To do:
Go through the records below and set each one down exactly, leaving out any pictures.

Extracted data:
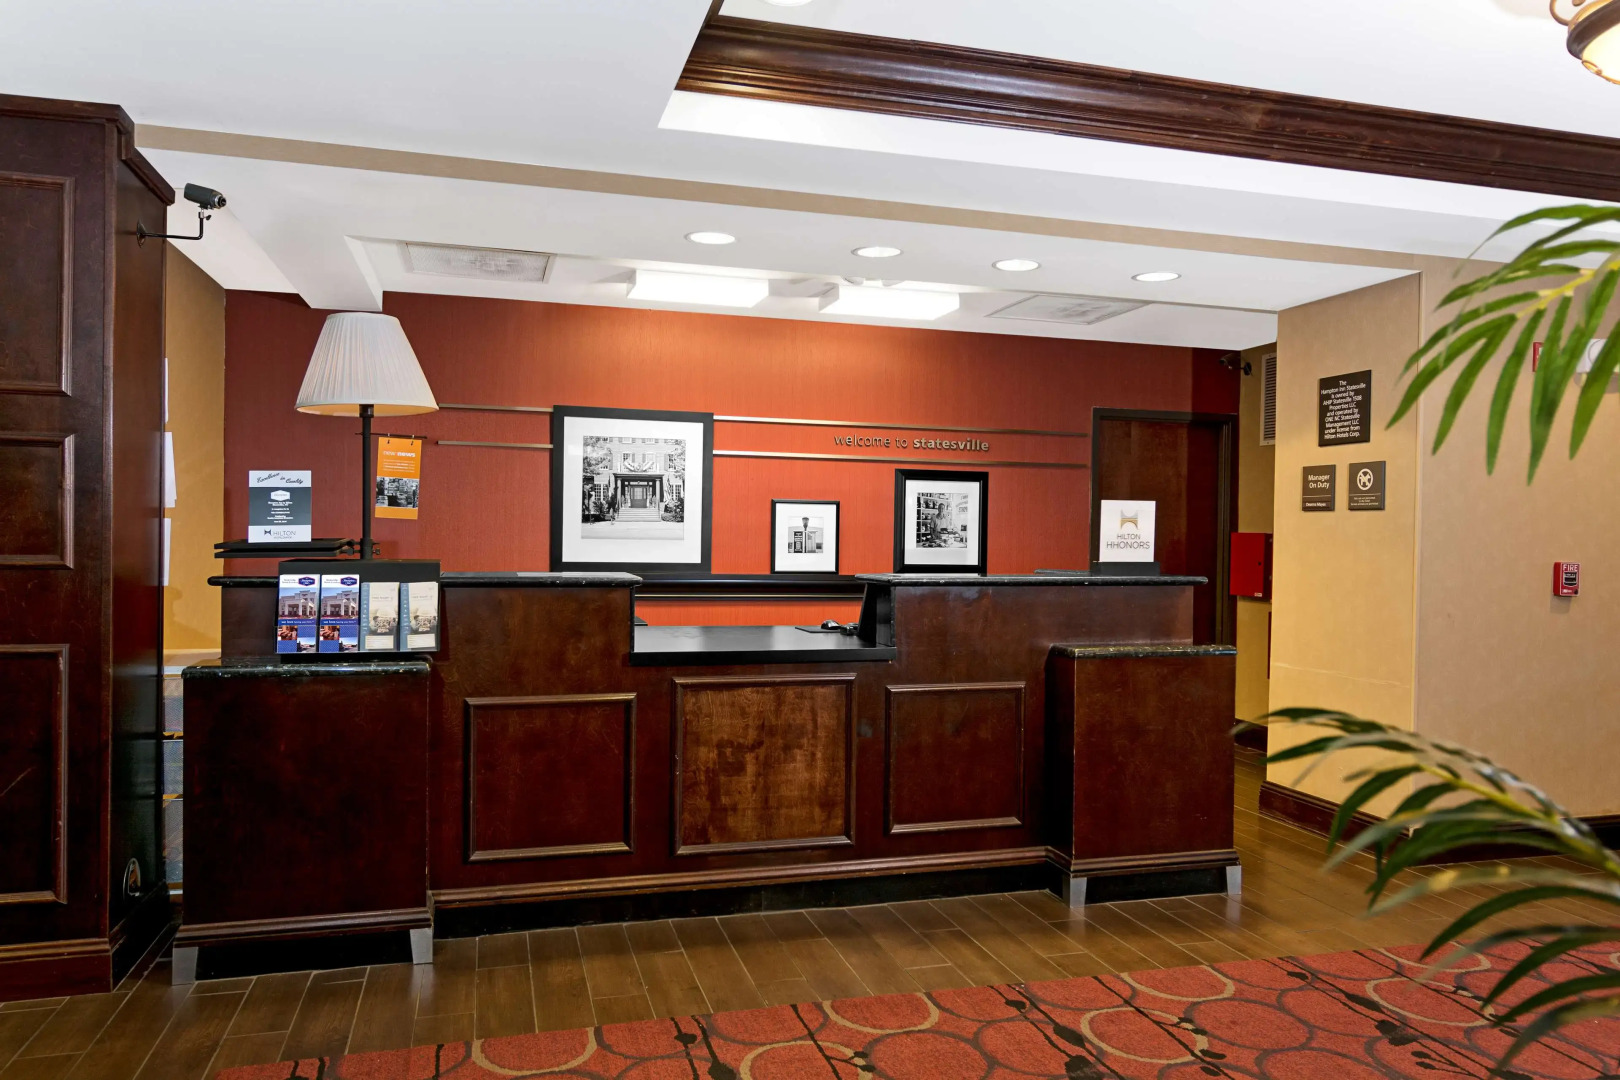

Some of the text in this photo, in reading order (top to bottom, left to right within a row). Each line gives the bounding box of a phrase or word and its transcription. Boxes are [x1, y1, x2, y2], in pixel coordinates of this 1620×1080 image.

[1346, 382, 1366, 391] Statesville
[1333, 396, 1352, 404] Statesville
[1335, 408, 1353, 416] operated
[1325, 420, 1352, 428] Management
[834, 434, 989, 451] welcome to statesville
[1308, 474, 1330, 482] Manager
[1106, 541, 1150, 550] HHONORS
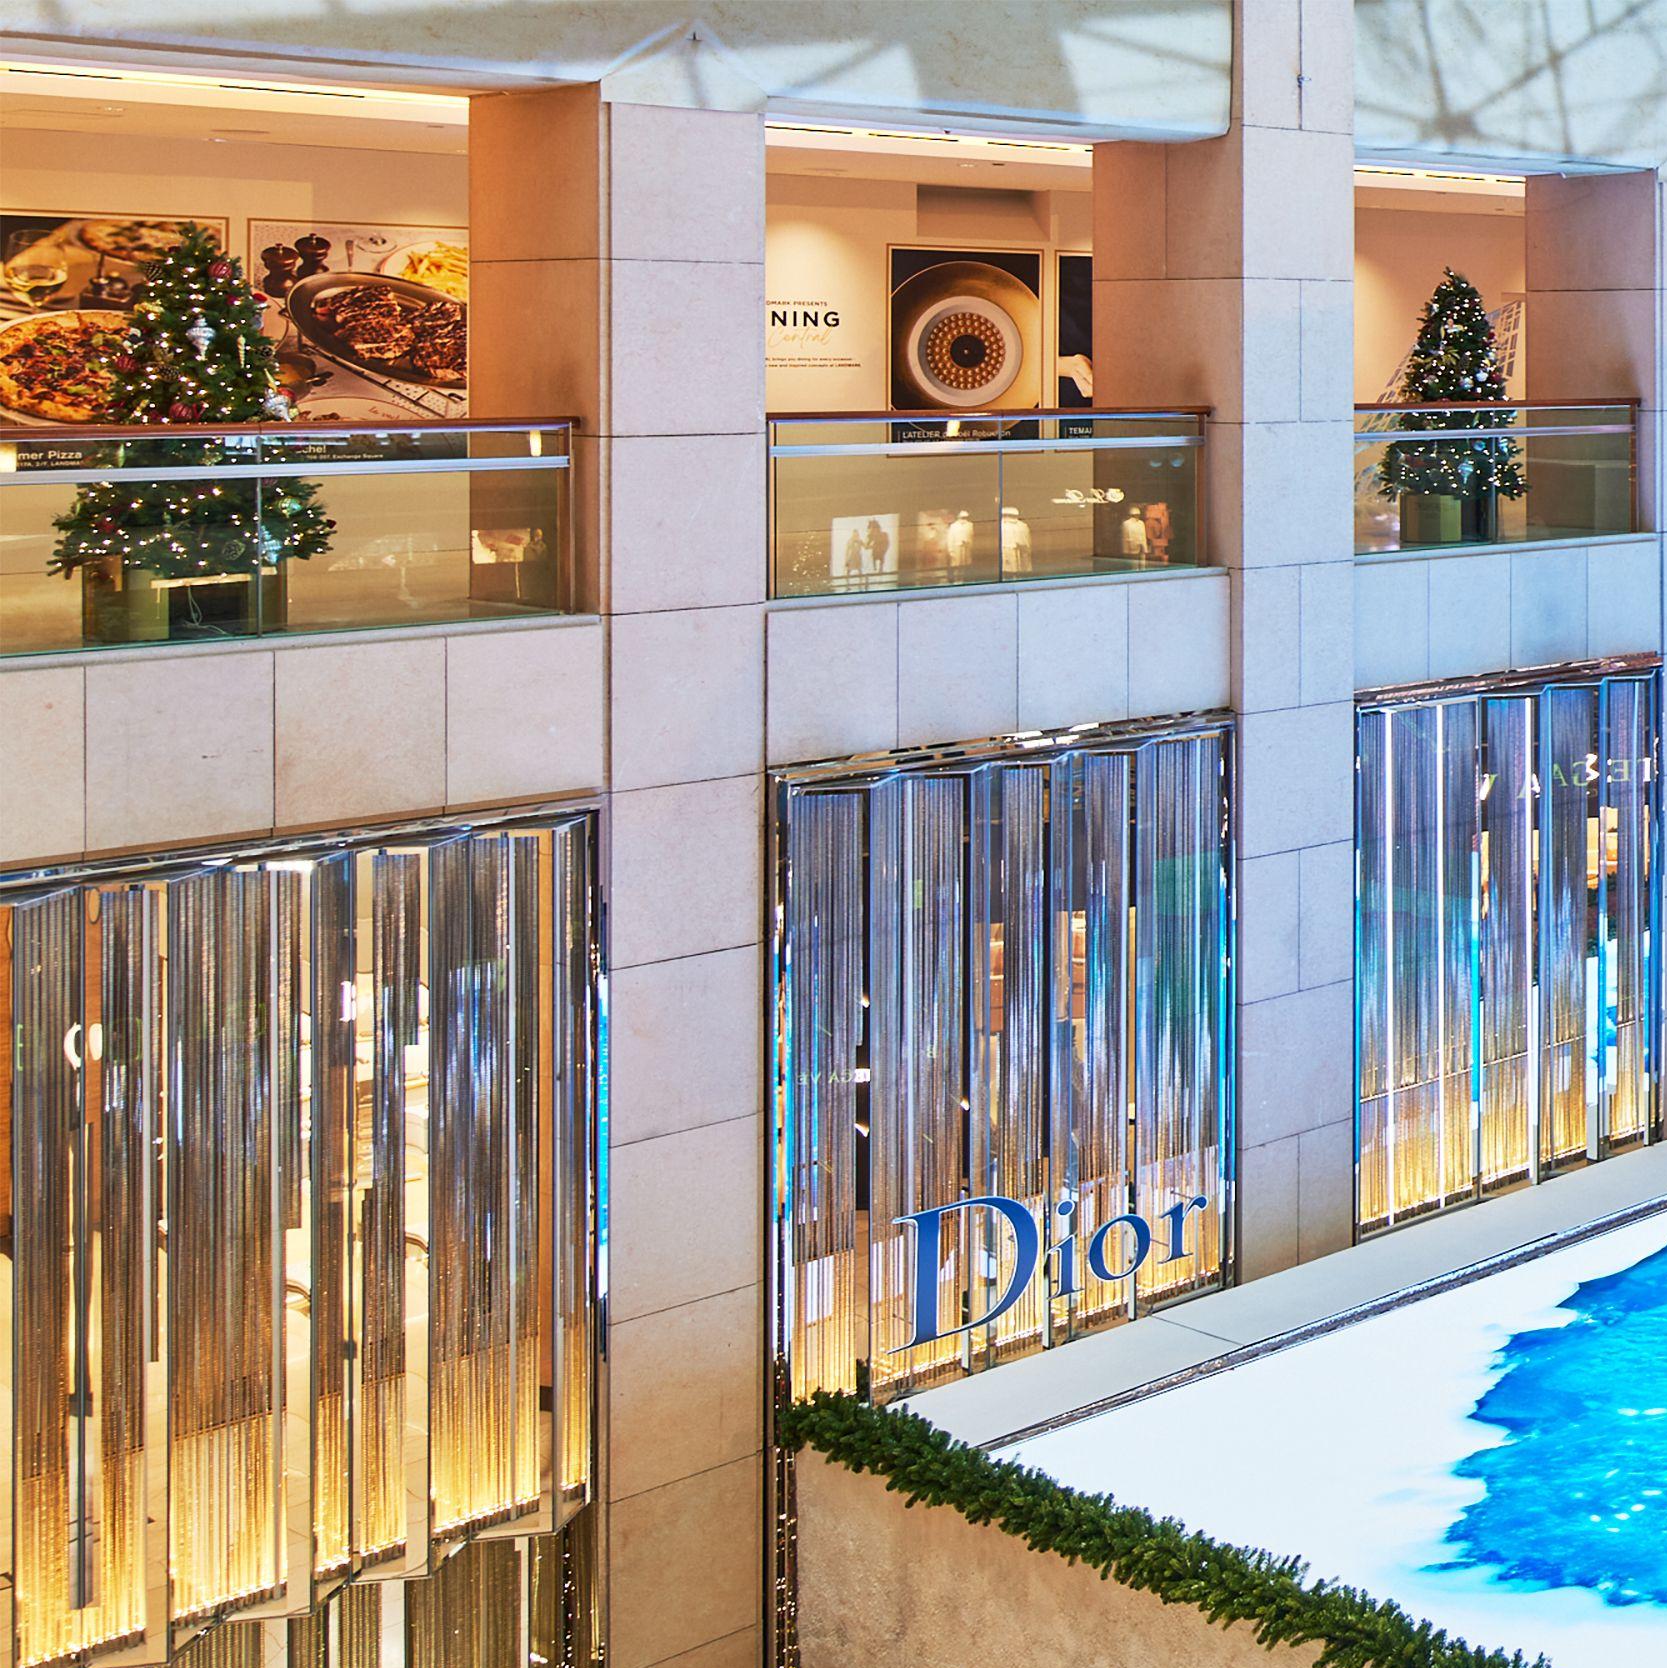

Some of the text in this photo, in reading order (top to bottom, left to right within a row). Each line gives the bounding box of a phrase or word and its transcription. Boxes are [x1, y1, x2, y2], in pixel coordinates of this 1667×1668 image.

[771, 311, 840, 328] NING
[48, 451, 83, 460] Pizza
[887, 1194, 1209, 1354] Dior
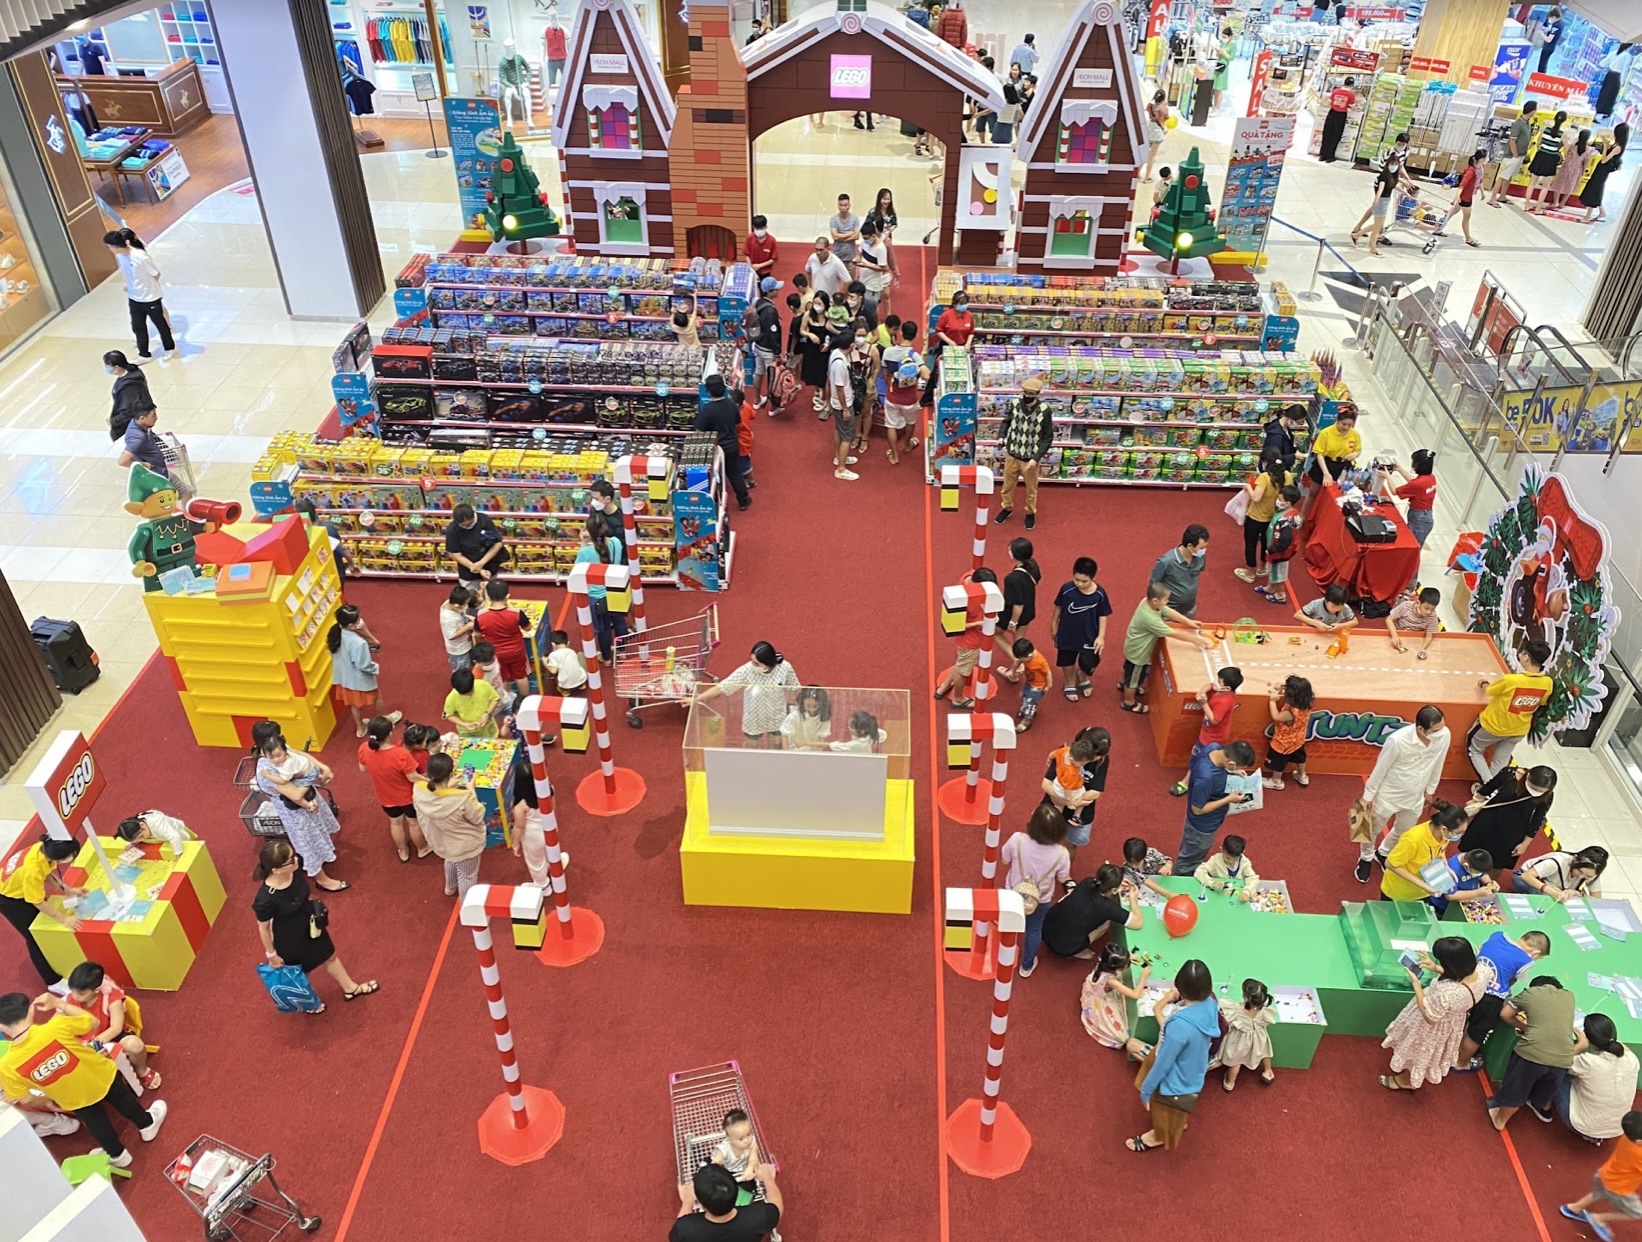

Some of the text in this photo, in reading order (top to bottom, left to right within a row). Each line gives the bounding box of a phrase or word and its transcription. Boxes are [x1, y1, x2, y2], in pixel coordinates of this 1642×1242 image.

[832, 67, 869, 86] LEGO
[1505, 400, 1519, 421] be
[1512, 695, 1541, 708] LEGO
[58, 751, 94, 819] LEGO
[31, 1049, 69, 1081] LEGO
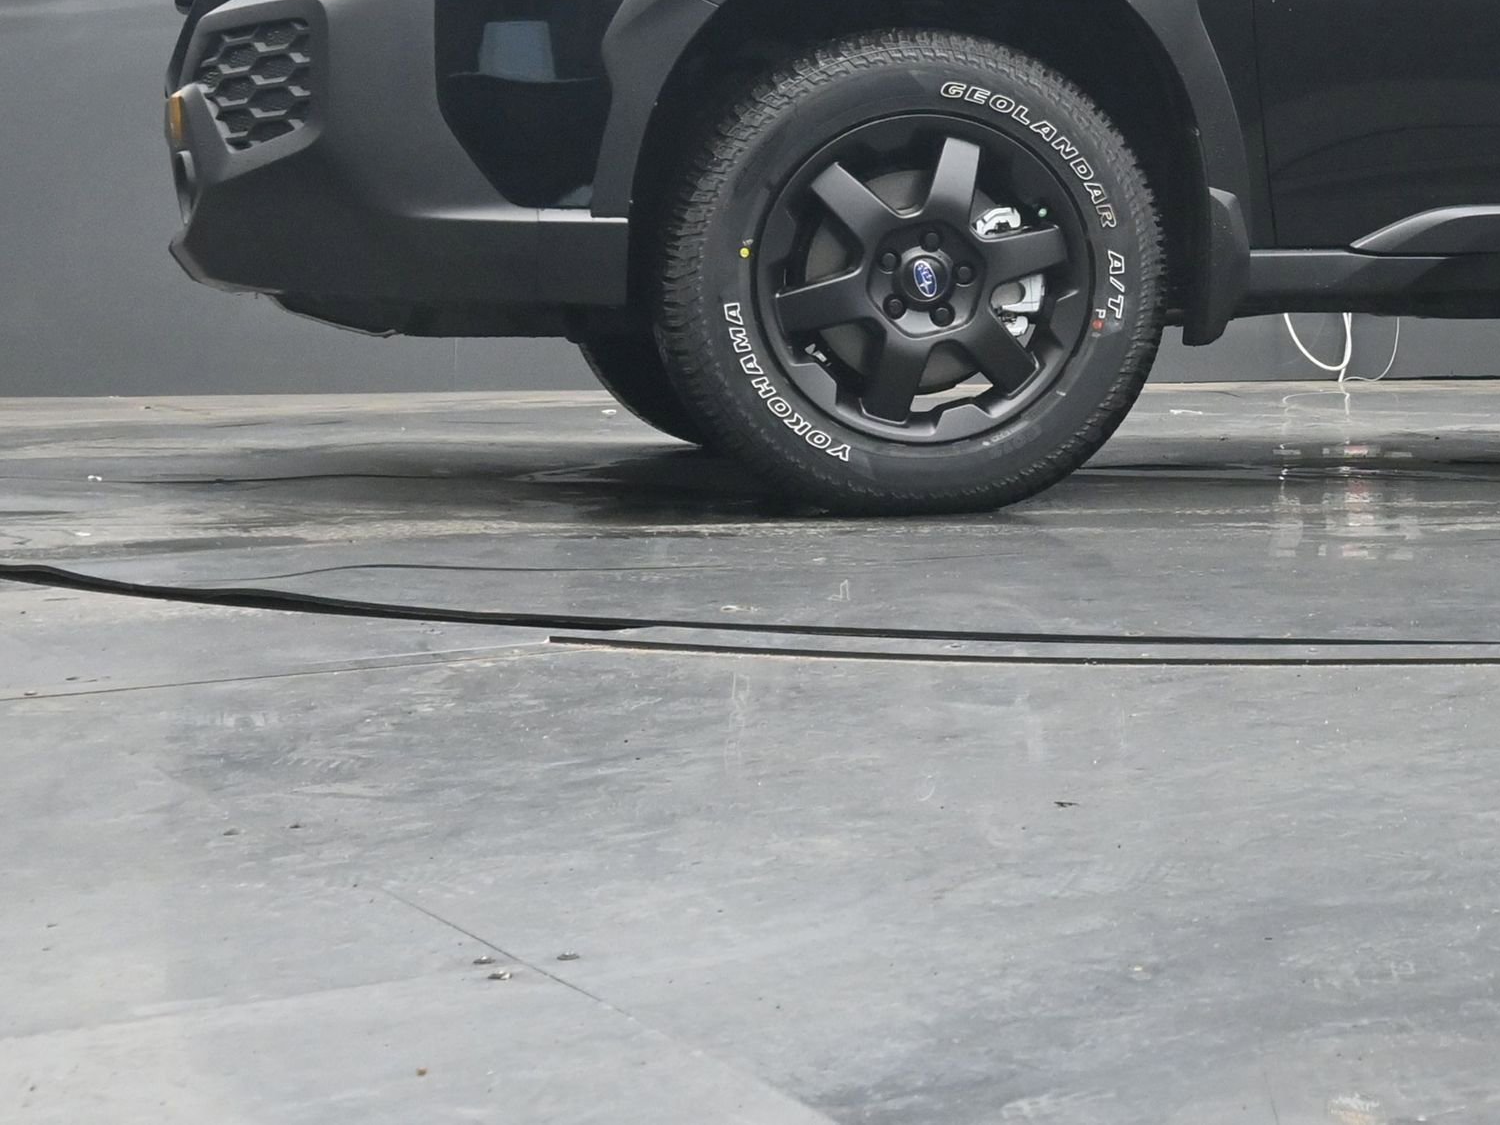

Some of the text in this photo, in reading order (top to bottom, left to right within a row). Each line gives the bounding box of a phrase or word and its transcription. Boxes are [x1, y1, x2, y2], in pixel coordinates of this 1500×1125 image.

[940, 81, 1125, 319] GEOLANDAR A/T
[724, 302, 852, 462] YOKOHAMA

Written answer:
Some of the text in this photo, in reading order (top to bottom, left to right within a row). Each line gives the bounding box of a phrase or word and its transcription. Boxes are [x1, y1, x2, y2], in pixel coordinates of this 1620×1080 image.

[1346, 382, 1366, 391] Statesville
[1333, 396, 1352, 404] Statesville
[1335, 408, 1353, 416] operated
[1325, 420, 1352, 428] Management
[834, 434, 989, 451] welcome to statesville
[1308, 474, 1330, 482] Manager
[1106, 541, 1150, 550] HHONORS

Some of the text in this photo, in reading order (top to bottom, left to right within a row). Each line gives the bounding box of a phrase or word and its transcription. Boxes are [x1, y1, x2, y2], in pixel coordinates of this 1667×1668 image.

[771, 311, 840, 328] NING
[48, 451, 83, 460] Pizza
[887, 1194, 1209, 1354] Dior

Some of the text in this photo, in reading order (top to bottom, left to right within a row). Each line gives the bounding box of a phrase or word and its transcription. Boxes are [x1, y1, x2, y2], in pixel coordinates of this 1642×1242 image.

[832, 67, 869, 86] LEGO
[1505, 400, 1519, 421] be
[1512, 695, 1541, 708] LEGO
[58, 751, 94, 819] LEGO
[31, 1049, 69, 1081] LEGO

Some of the text in this photo, in reading order (top to bottom, left to right within a row). Each line gives the bounding box of a phrase or word and its transcription. Boxes are [x1, y1, x2, y2], in pixel coordinates of this 1500×1125 image.

[940, 81, 1125, 319] GEOLANDAR A/T
[724, 302, 852, 462] YOKOHAMA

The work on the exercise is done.